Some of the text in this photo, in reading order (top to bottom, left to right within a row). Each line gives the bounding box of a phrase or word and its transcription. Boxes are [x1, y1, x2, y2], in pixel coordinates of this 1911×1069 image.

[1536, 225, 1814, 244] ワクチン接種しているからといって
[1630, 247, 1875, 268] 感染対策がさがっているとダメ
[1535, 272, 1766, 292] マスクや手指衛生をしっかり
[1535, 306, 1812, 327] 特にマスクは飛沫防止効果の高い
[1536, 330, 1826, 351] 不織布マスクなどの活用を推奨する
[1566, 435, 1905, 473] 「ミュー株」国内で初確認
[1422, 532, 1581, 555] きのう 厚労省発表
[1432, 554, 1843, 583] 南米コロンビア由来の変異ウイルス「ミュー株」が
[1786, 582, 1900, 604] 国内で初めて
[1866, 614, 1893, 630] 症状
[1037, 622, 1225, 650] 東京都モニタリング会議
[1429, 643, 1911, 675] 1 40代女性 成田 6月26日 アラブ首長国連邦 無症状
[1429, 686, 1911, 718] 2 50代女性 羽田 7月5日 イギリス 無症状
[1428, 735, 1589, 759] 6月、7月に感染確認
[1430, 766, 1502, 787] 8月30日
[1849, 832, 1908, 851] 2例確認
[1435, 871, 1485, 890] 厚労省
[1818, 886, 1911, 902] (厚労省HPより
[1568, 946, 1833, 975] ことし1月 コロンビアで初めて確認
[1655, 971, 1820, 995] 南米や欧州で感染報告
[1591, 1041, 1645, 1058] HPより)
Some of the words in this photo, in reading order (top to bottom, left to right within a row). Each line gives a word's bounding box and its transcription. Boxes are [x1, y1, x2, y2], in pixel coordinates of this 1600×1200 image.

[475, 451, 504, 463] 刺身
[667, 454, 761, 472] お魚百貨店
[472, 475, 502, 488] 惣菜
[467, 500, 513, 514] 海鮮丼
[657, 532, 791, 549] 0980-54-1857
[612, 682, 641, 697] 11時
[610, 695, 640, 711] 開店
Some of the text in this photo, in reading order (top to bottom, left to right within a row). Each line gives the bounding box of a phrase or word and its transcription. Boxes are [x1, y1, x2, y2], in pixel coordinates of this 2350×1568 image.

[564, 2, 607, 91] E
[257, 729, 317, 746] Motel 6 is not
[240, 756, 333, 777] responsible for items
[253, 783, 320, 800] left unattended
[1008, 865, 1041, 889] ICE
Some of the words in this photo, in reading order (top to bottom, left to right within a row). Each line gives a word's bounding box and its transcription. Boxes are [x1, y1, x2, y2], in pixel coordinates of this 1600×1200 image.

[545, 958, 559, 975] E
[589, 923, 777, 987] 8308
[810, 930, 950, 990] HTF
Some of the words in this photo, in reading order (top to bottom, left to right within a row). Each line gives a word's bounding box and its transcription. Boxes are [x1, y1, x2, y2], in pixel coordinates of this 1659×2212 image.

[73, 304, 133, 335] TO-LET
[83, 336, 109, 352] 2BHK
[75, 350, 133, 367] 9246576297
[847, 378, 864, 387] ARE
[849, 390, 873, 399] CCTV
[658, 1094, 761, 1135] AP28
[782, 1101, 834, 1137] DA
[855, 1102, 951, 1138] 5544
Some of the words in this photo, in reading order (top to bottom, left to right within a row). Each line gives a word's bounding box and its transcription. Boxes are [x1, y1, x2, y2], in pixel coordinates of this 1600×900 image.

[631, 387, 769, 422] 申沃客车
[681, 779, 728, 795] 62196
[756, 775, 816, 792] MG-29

▶ **Your goal**
Retype every record above exactly as it stands.

▶ **Exercise response**
Some of the text in this photo, in reading order (top to bottom, left to right within a row). Each line gives the bounding box of a phrase or word and its transcription. Boxes are [x1, y1, x2, y2], in pixel coordinates of this 1911×1069 image.

[1536, 225, 1814, 244] ワクチン接種しているからといって
[1630, 247, 1875, 268] 感染対策がさがっているとダメ
[1535, 272, 1766, 292] マスクや手指衛生をしっかり
[1535, 306, 1812, 327] 特にマスクは飛沫防止効果の高い
[1536, 330, 1826, 351] 不織布マスクなどの活用を推奨する
[1566, 435, 1905, 473] 「ミュー株」国内で初確認
[1422, 532, 1581, 555] きのう 厚労省発表
[1432, 554, 1843, 583] 南米コロンビア由来の変異ウイルス「ミュー株」が
[1786, 582, 1900, 604] 国内で初めて
[1866, 614, 1893, 630] 症状
[1037, 622, 1225, 650] 東京都モニタリング会議
[1429, 643, 1911, 675] 1 40代女性 成田 6月26日 アラブ首長国連邦 無症状
[1429, 686, 1911, 718] 2 50代女性 羽田 7月5日 イギリス 無症状
[1428, 735, 1589, 759] 6月、7月に感染確認
[1430, 766, 1502, 787] 8月30日
[1849, 832, 1908, 851] 2例確認
[1435, 871, 1485, 890] 厚労省
[1818, 886, 1911, 902] (厚労省HPより
[1568, 946, 1833, 975] ことし1月 コロンビアで初めて確認
[1655, 971, 1820, 995] 南米や欧州で感染報告
[1591, 1041, 1645, 1058] HPより)
Some of the words in this photo, in reading order (top to bottom, left to right within a row). Each line gives a word's bounding box and its transcription. Boxes are [x1, y1, x2, y2], in pixel coordinates of this 1600×1200 image.

[475, 451, 504, 463] 刺身
[667, 454, 761, 472] お魚百貨店
[472, 475, 502, 488] 惣菜
[467, 500, 513, 514] 海鮮丼
[657, 532, 791, 549] 0980-54-1857
[612, 682, 641, 697] 11時
[610, 695, 640, 711] 開店
Some of the text in this photo, in reading order (top to bottom, left to right within a row). Each line gives the bounding box of a phrase or word and its transcription. Boxes are [x1, y1, x2, y2], in pixel coordinates of this 2350×1568 image.

[564, 2, 607, 91] E
[257, 729, 317, 746] Motel 6 is not
[240, 756, 333, 777] responsible for items
[253, 783, 320, 800] left unattended
[1008, 865, 1041, 889] ICE
Some of the words in this photo, in reading order (top to bottom, left to right within a row). Each line gives a word's bounding box and its transcription. Boxes are [x1, y1, x2, y2], in pixel coordinates of this 1600×1200 image.

[545, 958, 559, 975] E
[589, 923, 777, 987] 8308
[810, 930, 950, 990] HTF
Some of the words in this photo, in reading order (top to bottom, left to right within a row). Each line gives a word's bounding box and its transcription. Boxes are [x1, y1, x2, y2], in pixel coordinates of this 1659×2212 image.

[73, 304, 133, 335] TO-LET
[83, 336, 109, 352] 2BHK
[75, 350, 133, 367] 9246576297
[847, 378, 864, 387] ARE
[849, 390, 873, 399] CCTV
[658, 1094, 761, 1135] AP28
[782, 1101, 834, 1137] DA
[855, 1102, 951, 1138] 5544
Some of the words in this photo, in reading order (top to bottom, left to right within a row). Each line gives a word's bounding box and its transcription. Boxes are [x1, y1, x2, y2], in pixel coordinates of this 1600×900 image.

[631, 387, 769, 422] 申沃客车
[681, 779, 728, 795] 62196
[756, 775, 816, 792] MG-29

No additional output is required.